Dr. Olalekan Oluwole, a hematologist with Vanderbilt University Medical Center, previously talked with SurvivorNet about ALL’s effect on the body and the type of treatments that work to fight it.
“ALL is a type of cancer that is very aggressive,” Dr. Oluwole told SurvivorNet. “It grows very fast. Within a few weeks, a few months, the person will start to feel very sick. And that’s why we will have to give it an equally aggressive type of treatment to break that cycle.”
Dr. Oluwole also says the leukemia often resides in the bone marrow, and because it is an abnormal growth, it just keeps dividing.
“It doesn’t follow rules, and it doesn’t stop,” he told SurvivorNet. “Not only that, because this is part of the immune system, the immune system is sorta like the police of the body. So those abnormal cells that have now become cancer, they have the ability to go to many places. They go into the blood, and they often go into the tissue or the lining around the brain.”
Staying Positive during a Health Battle
DePaolo has faced the harsh realities of battle with both cancer and chronic kidney disease. But despite everything she’s gone through and continues to go through today, she’s shown that there are still ways to look for light in the darkest of times. For DePaolo, it’s her son Lorenzo who’s been a huge source of positivity during her health struggles.

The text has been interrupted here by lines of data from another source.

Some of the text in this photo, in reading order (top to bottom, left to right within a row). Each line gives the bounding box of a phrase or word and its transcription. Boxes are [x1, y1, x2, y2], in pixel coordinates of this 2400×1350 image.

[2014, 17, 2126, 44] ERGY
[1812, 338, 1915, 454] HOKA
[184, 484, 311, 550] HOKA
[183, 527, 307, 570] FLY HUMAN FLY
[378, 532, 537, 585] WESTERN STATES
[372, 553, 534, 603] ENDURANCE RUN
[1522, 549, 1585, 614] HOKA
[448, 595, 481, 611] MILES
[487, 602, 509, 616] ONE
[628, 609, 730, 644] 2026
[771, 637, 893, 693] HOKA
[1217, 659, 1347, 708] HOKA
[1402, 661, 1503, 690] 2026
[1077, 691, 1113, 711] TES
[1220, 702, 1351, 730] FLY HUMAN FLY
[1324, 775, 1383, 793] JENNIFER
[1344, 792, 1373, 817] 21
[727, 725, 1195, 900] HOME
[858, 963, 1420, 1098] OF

“Lorenzo has changed my life. He saved me in so many ways,” DePaolo said. “When I feel sad and he just looks at me and goes ‘mama,’ and points at me and smiles. How does that not just fill your heart with joy?”
At SurvivorNet, we get to share many stories of positivity and resilience because there’s no shortage of brave cancer warriors holding onto hope in the face of adversity.

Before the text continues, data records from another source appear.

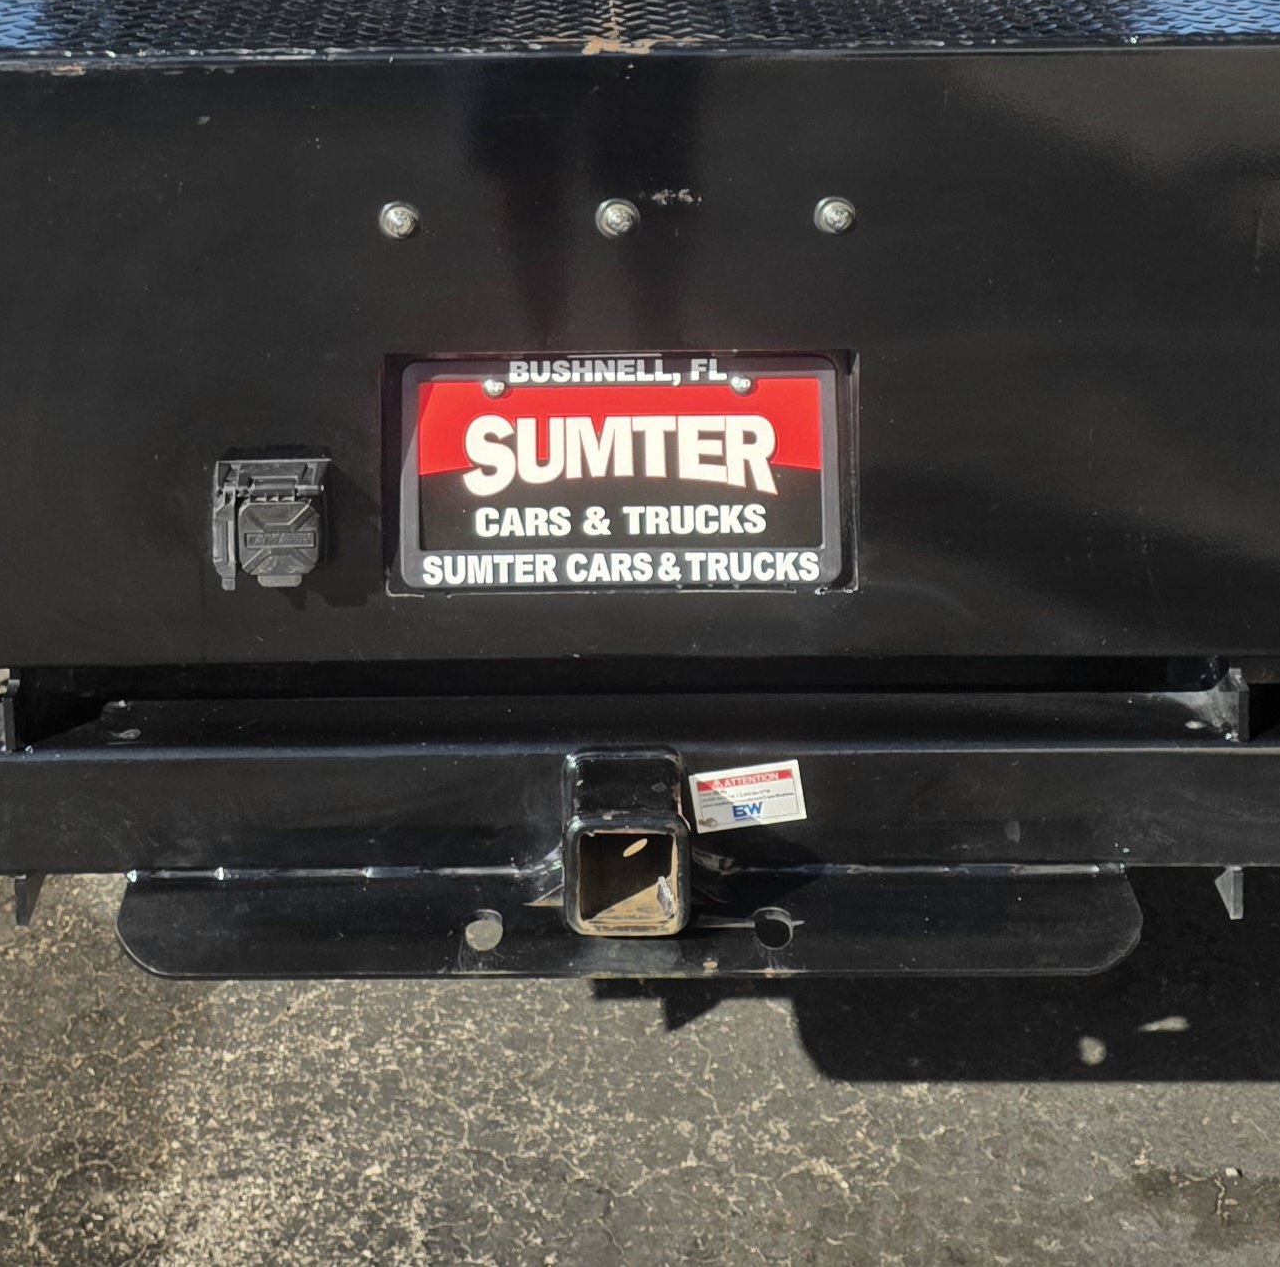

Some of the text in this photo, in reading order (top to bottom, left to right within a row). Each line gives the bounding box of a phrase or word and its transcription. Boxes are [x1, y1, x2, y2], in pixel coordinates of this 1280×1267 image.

[508, 357, 728, 386] BUSHNELL, FL
[462, 414, 779, 496] SUMTER
[475, 504, 767, 537] CARS & TRUCKS
[422, 551, 820, 586] SUMTER CARS & TRUCKS
[724, 772, 779, 788] ATTENTION
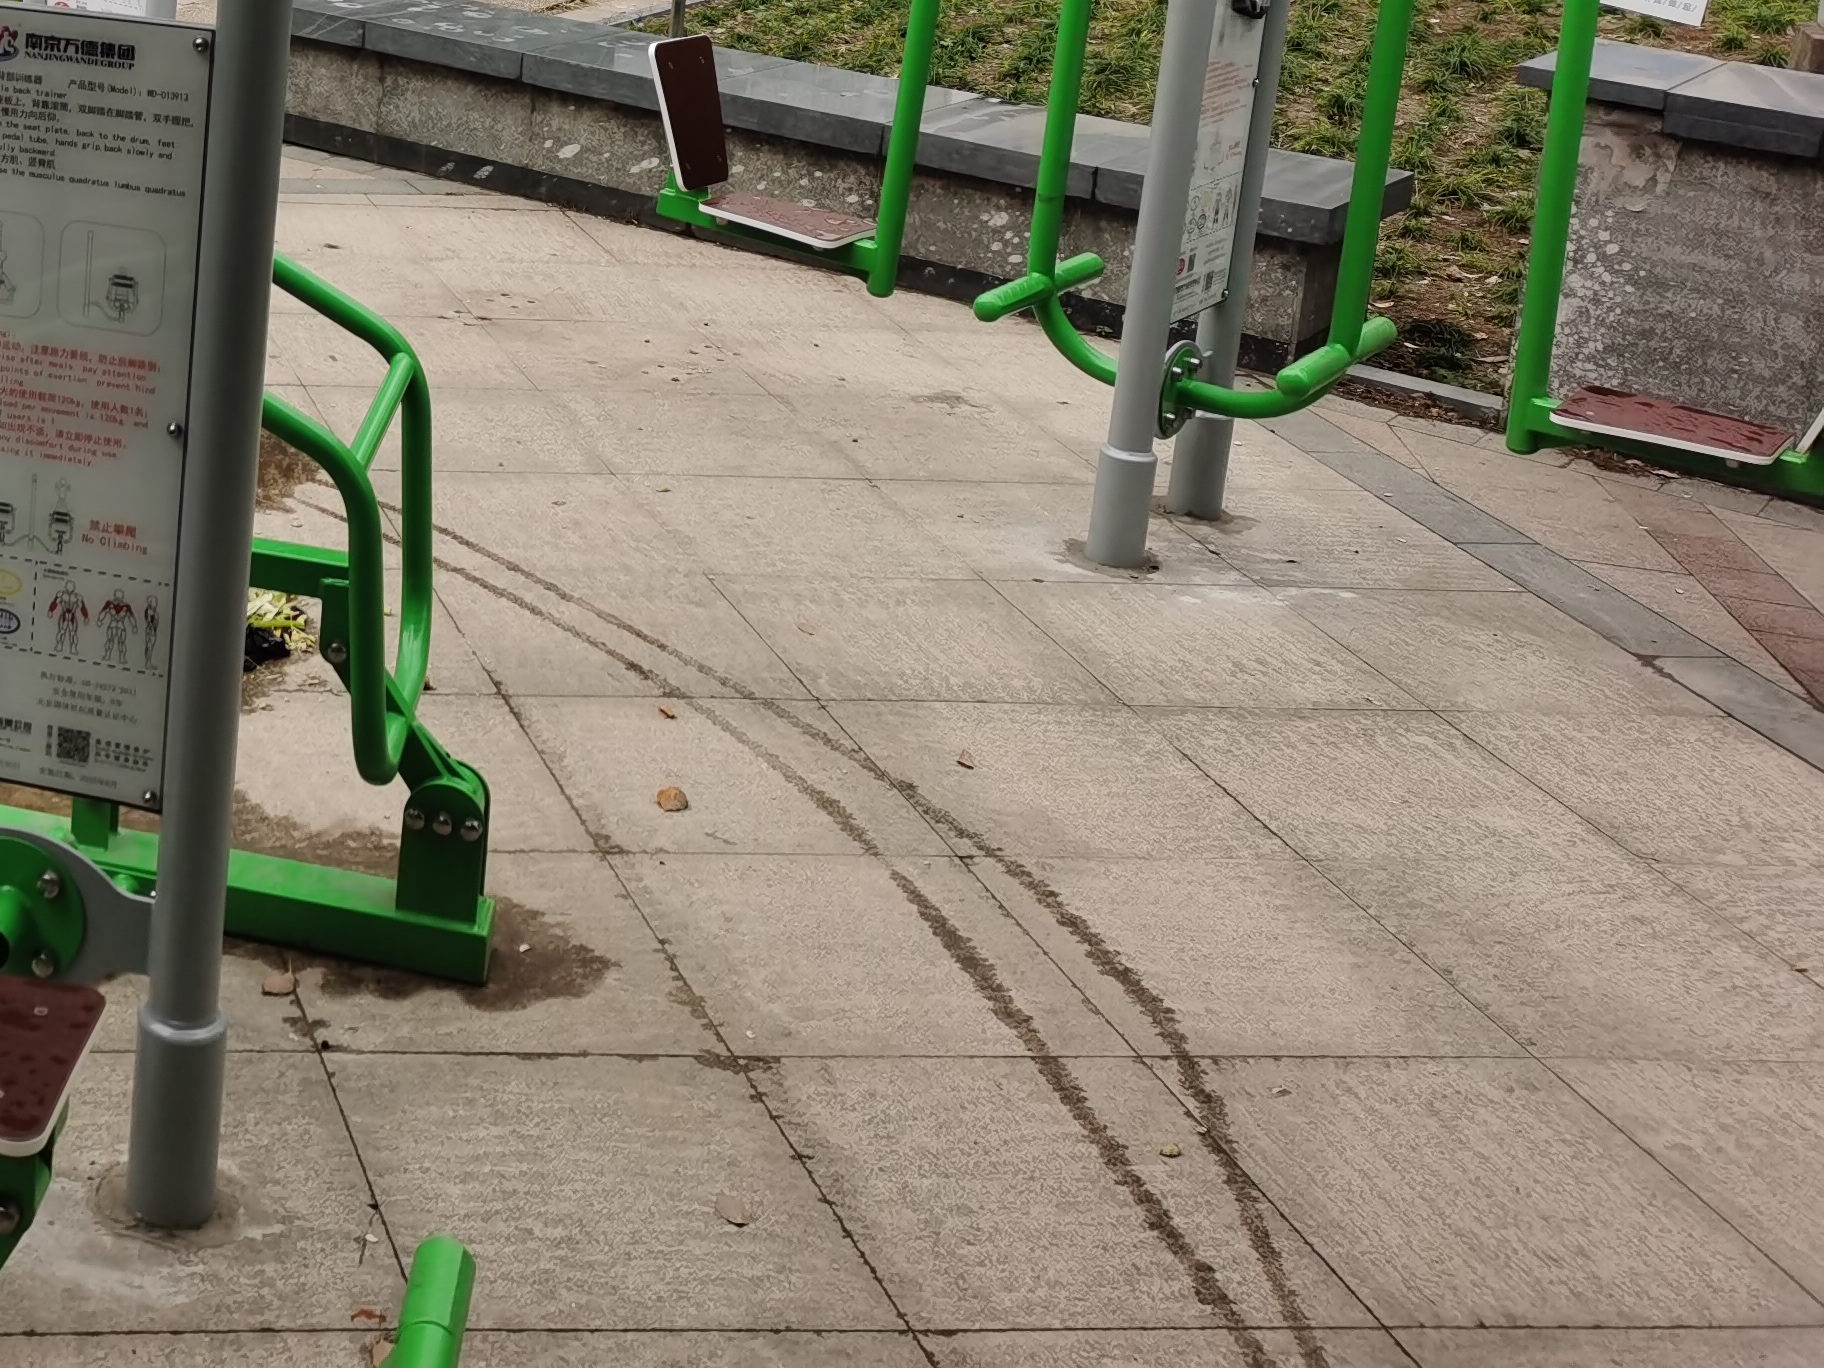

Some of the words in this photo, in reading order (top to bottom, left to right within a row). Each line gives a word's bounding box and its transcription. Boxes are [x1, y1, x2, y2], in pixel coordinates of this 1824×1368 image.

[24, 33, 136, 61] 南京万德集团
[23, 51, 135, 71] NANJINGWANDEGROUP
[12, 85, 31, 95] back
[36, 88, 67, 99] trainer
[2, 131, 24, 142] pedal
[55, 138, 78, 148] hands
[126, 146, 154, 158] slowly
[157, 151, 173, 160] and
[6, 121, 19, 129] the
[22, 123, 41, 132] seat
[76, 129, 94, 139] back
[98, 132, 108, 140] to
[112, 133, 126, 142] the
[156, 138, 175, 149] feet
[18, 145, 55, 156] backward
[11, 168, 25, 177] the
[28, 170, 65, 182] musculus
[68, 175, 109, 188] quadratus
[113, 180, 141, 191] lumbus
[144, 185, 186, 198] quadratus
[0, 364, 29, 376] points
[33, 368, 43, 378] of
[82, 365, 98, 375] pay
[21, 403, 36, 412] per
[132, 419, 148, 429] and
[80, 533, 94, 545] No
[98, 536, 148, 556] Climbing

Danielle Ripley-Burgess, a two-time colon cancer survivor, is another resilient cancer survivor like DePaolo. She was first diagnosed with colon cancer in high school and proceeded to beat the disease not once, but twice. Understandably so, Ripley-Burgess has had to work through a lot of complex emotions that came with her cancer journey. Even still, she’s always managed to look at life with a positive attitude.
“As I’ve worked through the complex emotions of cancer, I’ve uncovered some beautiful things: Wisdom. Love. Life purpose. Priorities,” she previously told SurvivorNet. “I carry a very real sense that life is short, and I’m grateful to be living it! This has made me optimistic. Optimism doesn’t mean that fear, pain and division don’t exist – they do. Our world is full of negativity, judgment, and hate. Optimism means that I believe there’s always good to be found despite the bad, and this is what my life is centered around.”

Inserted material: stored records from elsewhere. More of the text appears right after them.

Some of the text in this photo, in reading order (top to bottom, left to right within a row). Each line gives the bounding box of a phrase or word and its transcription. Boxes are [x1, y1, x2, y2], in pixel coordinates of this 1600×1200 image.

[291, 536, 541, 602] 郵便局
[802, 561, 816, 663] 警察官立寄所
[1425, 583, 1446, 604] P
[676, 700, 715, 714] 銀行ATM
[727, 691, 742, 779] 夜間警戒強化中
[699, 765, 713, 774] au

She moves through life with a sense of purpose unique to someone who’s been faced with the darkest of times. Happily in remission today, she’s determined to, one day, leave the world better than she found it.
“We can choose to stay positive, treat others with respect and look for the light in spite of the darkness,” she said. “This type of attitude and behavior will lead to the kind of legacies I believe all of us hope to leave.”